Assignment => An exact copy of the listing is what is needed here; write it out in full.

[Records shown — start]

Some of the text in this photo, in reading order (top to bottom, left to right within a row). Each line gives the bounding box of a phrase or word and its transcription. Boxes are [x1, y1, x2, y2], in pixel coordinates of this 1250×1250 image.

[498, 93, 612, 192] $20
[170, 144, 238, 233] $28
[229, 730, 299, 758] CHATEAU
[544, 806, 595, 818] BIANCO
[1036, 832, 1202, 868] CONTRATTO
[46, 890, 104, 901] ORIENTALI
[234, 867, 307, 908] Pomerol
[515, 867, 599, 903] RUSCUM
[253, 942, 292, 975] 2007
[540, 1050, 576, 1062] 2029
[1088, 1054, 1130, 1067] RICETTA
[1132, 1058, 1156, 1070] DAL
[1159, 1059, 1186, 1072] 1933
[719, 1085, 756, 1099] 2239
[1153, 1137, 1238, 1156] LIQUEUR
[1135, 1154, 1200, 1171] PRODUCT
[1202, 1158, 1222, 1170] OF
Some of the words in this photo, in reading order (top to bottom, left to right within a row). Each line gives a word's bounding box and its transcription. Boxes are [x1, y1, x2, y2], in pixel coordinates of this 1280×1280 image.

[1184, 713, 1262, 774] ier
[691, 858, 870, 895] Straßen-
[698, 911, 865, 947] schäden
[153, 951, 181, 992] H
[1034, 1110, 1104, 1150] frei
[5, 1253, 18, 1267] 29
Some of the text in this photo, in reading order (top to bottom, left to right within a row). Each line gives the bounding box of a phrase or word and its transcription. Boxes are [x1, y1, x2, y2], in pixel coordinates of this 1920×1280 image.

[Records shown — finish]

Result of this task =>
Some of the text in this photo, in reading order (top to bottom, left to right within a row). Each line gives the bounding box of a phrase or word and its transcription. Boxes are [x1, y1, x2, y2], in pixel coordinates of this 1250×1250 image.

[498, 93, 612, 192] $20
[170, 144, 238, 233] $28
[229, 730, 299, 758] CHATEAU
[544, 806, 595, 818] BIANCO
[1036, 832, 1202, 868] CONTRATTO
[46, 890, 104, 901] ORIENTALI
[234, 867, 307, 908] Pomerol
[515, 867, 599, 903] RUSCUM
[253, 942, 292, 975] 2007
[540, 1050, 576, 1062] 2029
[1088, 1054, 1130, 1067] RICETTA
[1132, 1058, 1156, 1070] DAL
[1159, 1059, 1186, 1072] 1933
[719, 1085, 756, 1099] 2239
[1153, 1137, 1238, 1156] LIQUEUR
[1135, 1154, 1200, 1171] PRODUCT
[1202, 1158, 1222, 1170] OF
Some of the words in this photo, in reading order (top to bottom, left to right within a row). Each line gives a word's bounding box and its transcription. Boxes are [x1, y1, x2, y2], in pixel coordinates of this 1280×1280 image.

[1184, 713, 1262, 774] ier
[691, 858, 870, 895] Straßen-
[698, 911, 865, 947] schäden
[153, 951, 181, 992] H
[1034, 1110, 1104, 1150] frei
[5, 1253, 18, 1267] 29
Some of the text in this photo, in reading order (top to bottom, left to right within a row). Each line gives the bounding box of a phrase or word and its transcription. Boxes are [x1, y1, x2, y2], in pixel coordinates of this 1920×1280 image.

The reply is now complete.